··· Extracted entries ···
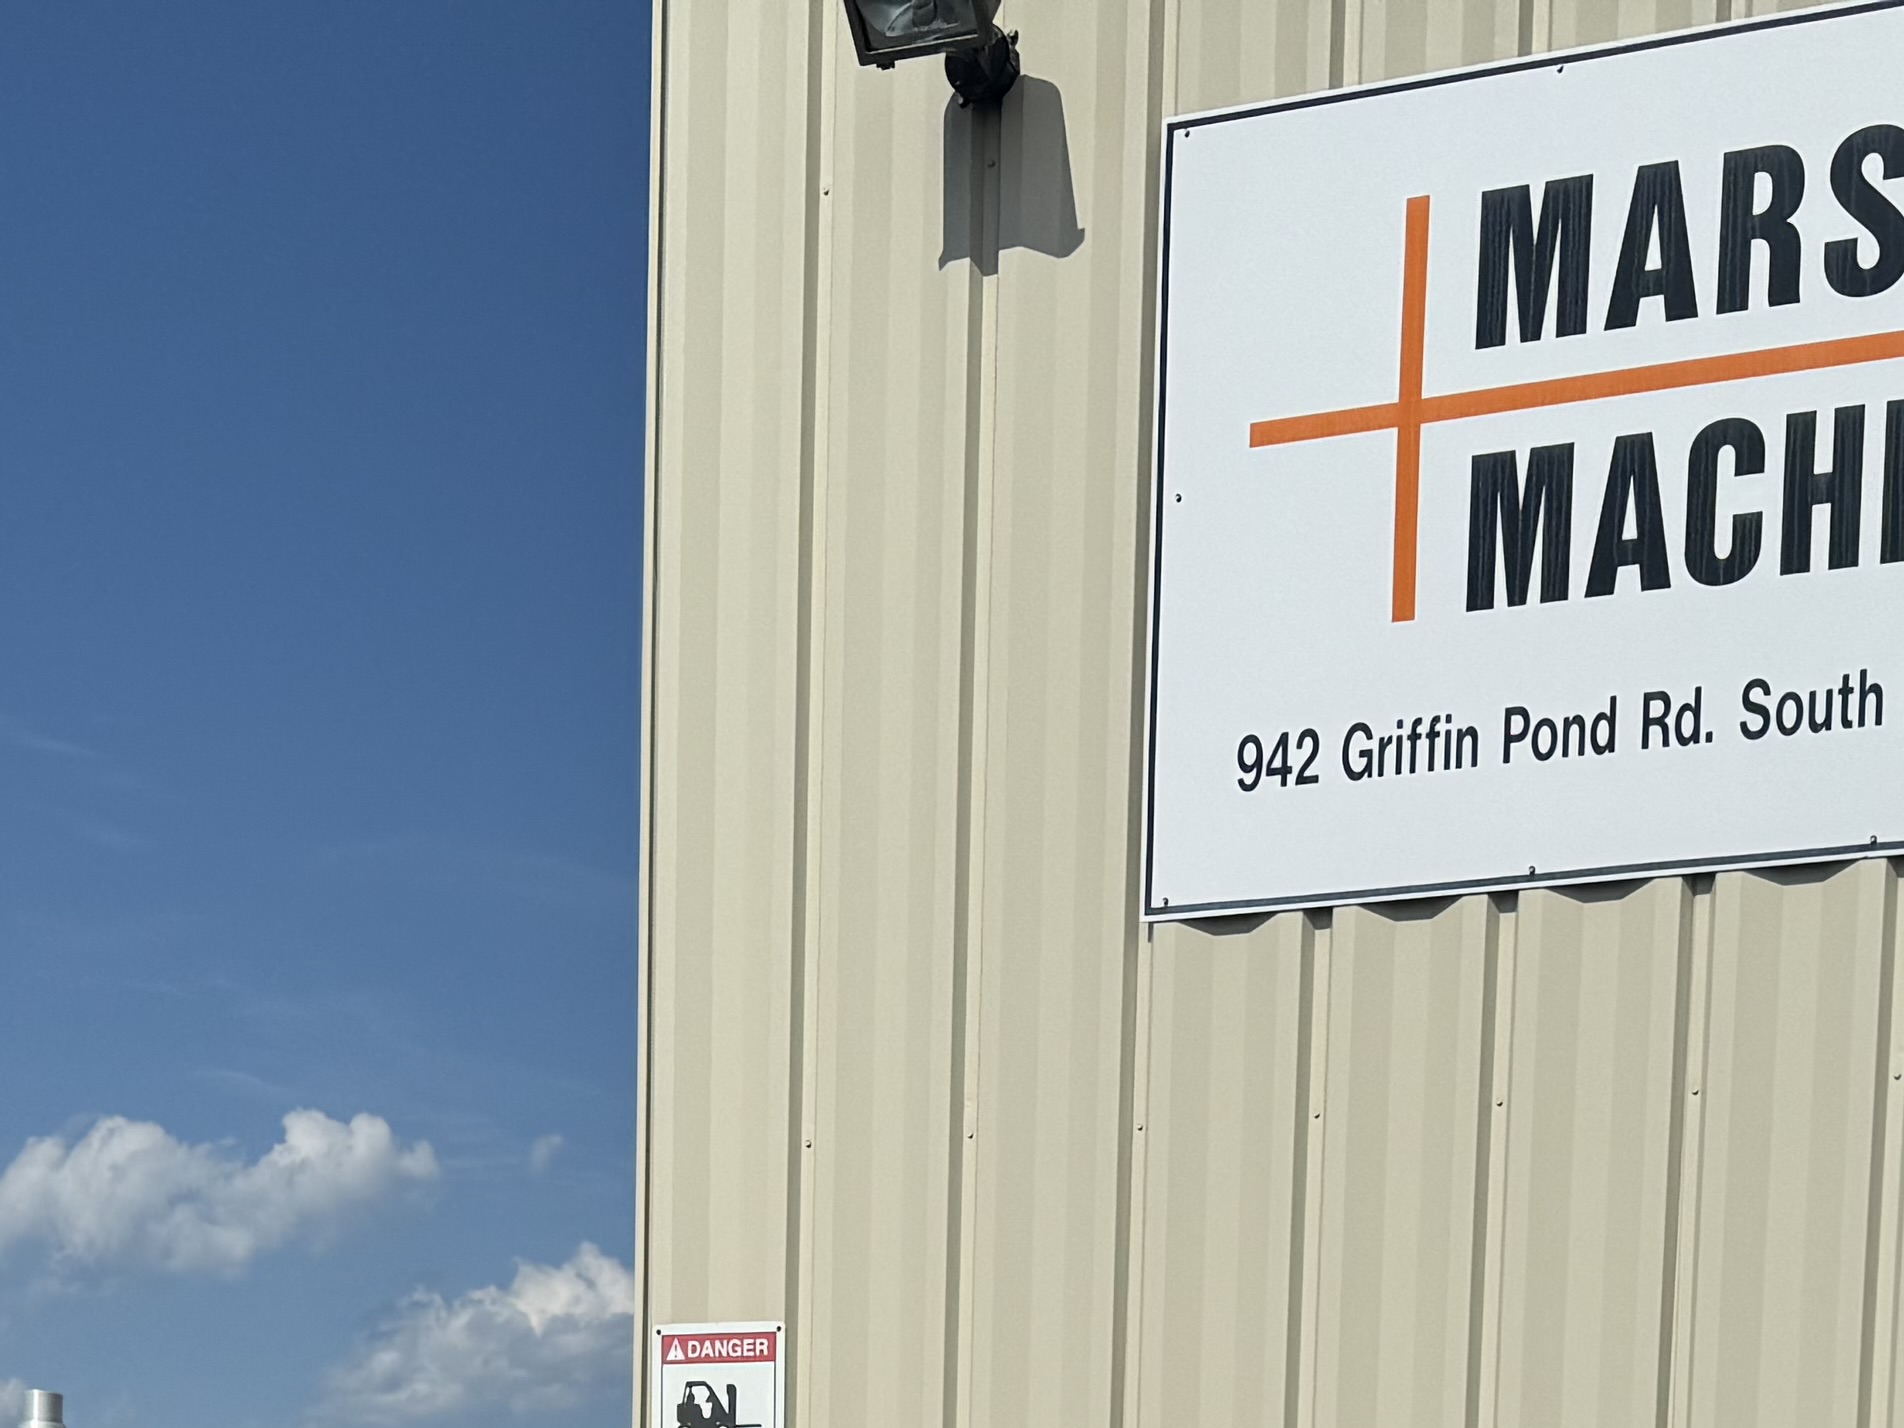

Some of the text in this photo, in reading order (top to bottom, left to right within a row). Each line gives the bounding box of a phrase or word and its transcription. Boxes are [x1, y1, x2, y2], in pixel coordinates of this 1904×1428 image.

[1237, 728, 1320, 792] 942
[1342, 715, 1479, 782] Griffin
[1502, 695, 1617, 764] Pond
[1641, 686, 1712, 750] Rd.
[1739, 667, 1883, 740] South
[687, 1338, 769, 1359] DANGER
···
> [Work request] An exact copy of the entries, without any pictures, is what the answer should be.

> [Solution]
Some of the text in this photo, in reading order (top to bottom, left to right within a row). Each line gives the bounding box of a phrase or word and its transcription. Boxes are [x1, y1, x2, y2], in pixel coordinates of this 1904×1428 image.

[1237, 728, 1320, 792] 942
[1342, 715, 1479, 782] Griffin
[1502, 695, 1617, 764] Pond
[1641, 686, 1712, 750] Rd.
[1739, 667, 1883, 740] South
[687, 1338, 769, 1359] DANGER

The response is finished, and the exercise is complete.